It’s easy to calculate the expected angular elevation of the sun for the flat earth. Flat Earthers often claim the sun is 3,000 miles above the flat earth, sometimes more, sometimes, less. We will use 3,000 miles. It doesn’t change the outcome much, use your own numbers if you prefer.

To calculate the angular elevation we use a simple right triangle. We place the sun at point “B”, and the observer at point “A”. We use the elevation of the sun, 3,000 miles for side “a” and measure the distance the observer is from the point under the sun for side “b”.

Use “Side Angle Side” to calculate all the sides and angles of the triangle manually. It’s easier to use an online calculator like this one. For this problem, use calculator #2 on that web site.

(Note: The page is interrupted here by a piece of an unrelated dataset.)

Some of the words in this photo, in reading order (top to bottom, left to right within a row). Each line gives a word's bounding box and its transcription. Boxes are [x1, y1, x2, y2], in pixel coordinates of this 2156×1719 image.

The AE map is used for this example, but any flat earth map imaginable could be used with similar results. I have used Walter Bislin’s Creating Flight Plans for Flat Earth web page to calculate distances on the flat earth AE map. If you have a different method to calculate distances on the flat earth, send feedback to mctoon@mctoon.net and I’ll include alternative measurements in all my calculations.

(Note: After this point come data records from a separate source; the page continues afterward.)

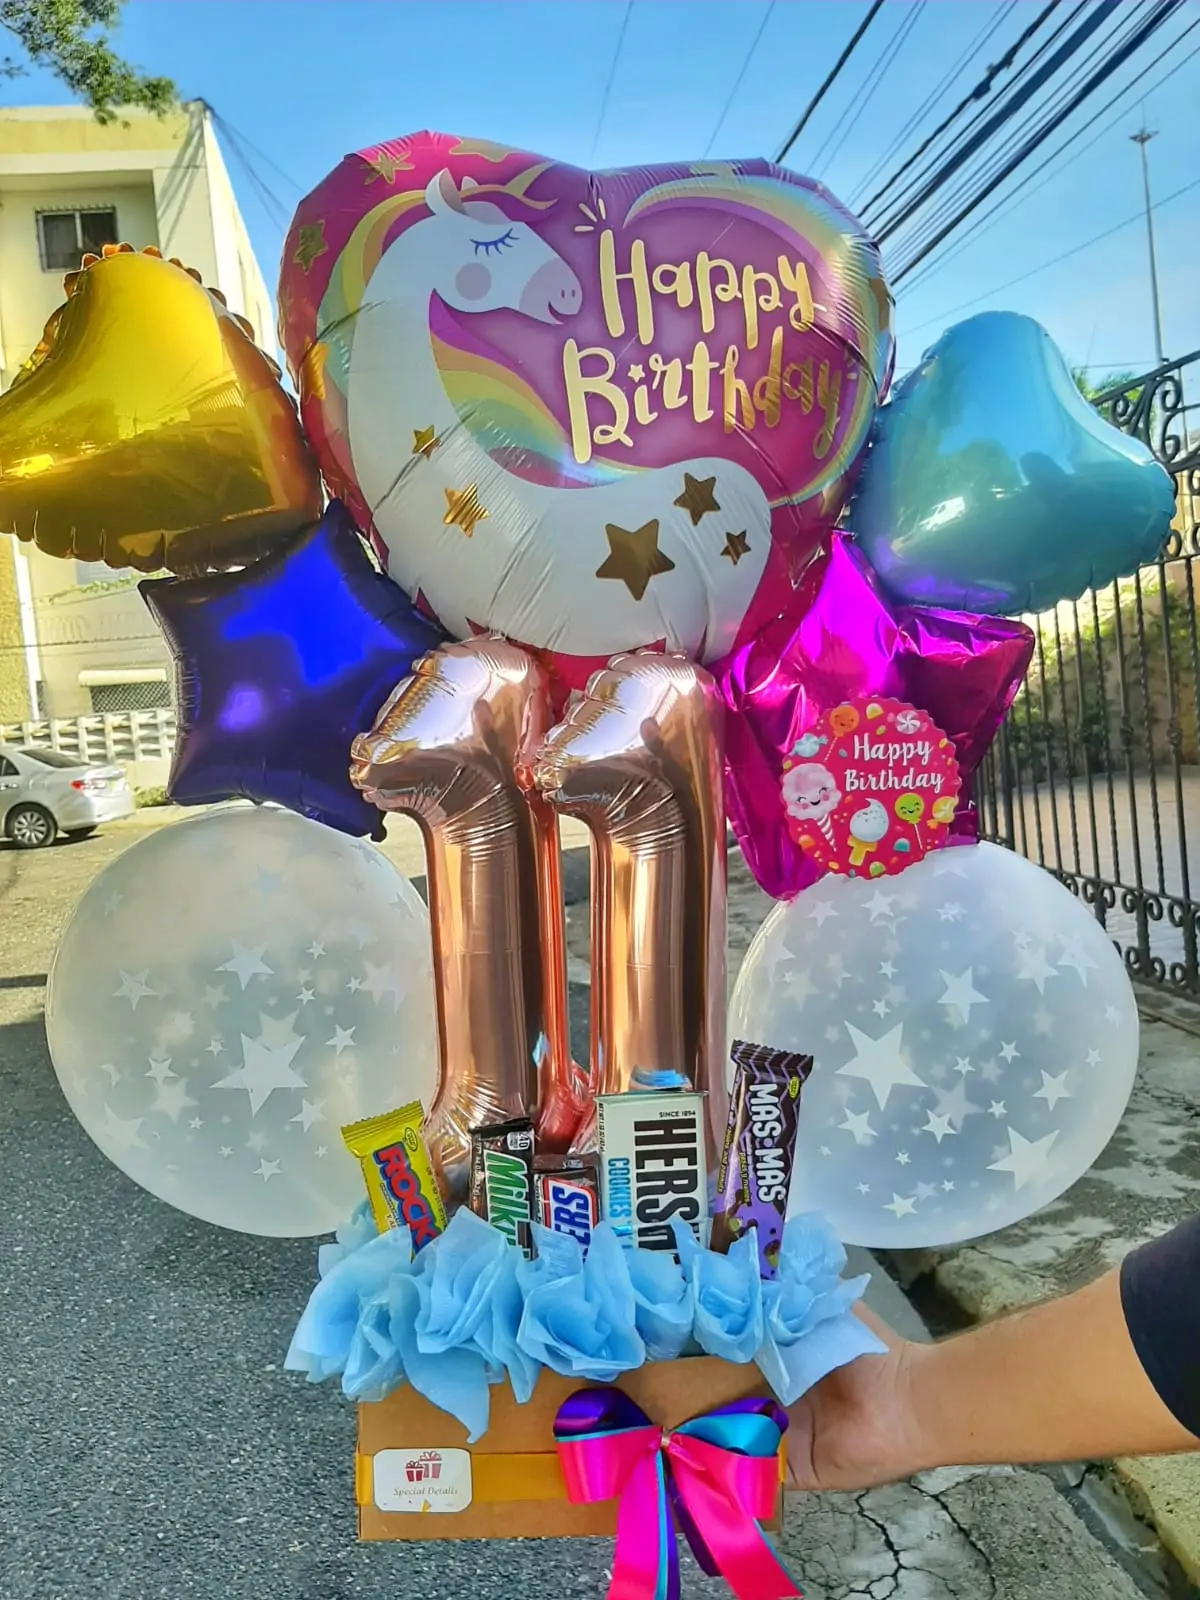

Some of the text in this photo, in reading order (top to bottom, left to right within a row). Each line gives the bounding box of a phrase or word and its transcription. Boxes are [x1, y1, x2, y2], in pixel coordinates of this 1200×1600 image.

[600, 228, 823, 349] Happy
[563, 326, 842, 464] Birthday
[852, 732, 934, 767] Happy
[844, 767, 945, 794] Birthday
[658, 1110, 680, 1118] SINCE
[608, 1157, 632, 1218] COOKIES
[634, 1118, 700, 1260] HERSH
[393, 1485, 459, 1496] Special Details

Let’s examine a couple sample locations and also pick the most extreme possible observer location in favor of a flat earth.

### Example 1: Quito, Ecuador, Equinox

Quito is on the equator, at 0°N 78.5W. We will calculate the minimum angular elevation of the sun on the day of the equinox. At local solar noon the sun is directly overhead so the angle is 90°. At local solar midnight the sun will be directly over Indonesia on the opposite side of the world, still on the equator. The distance is 12,436 miles. Plugging in to the triangle calculator we get an angular elevation of 13.56°.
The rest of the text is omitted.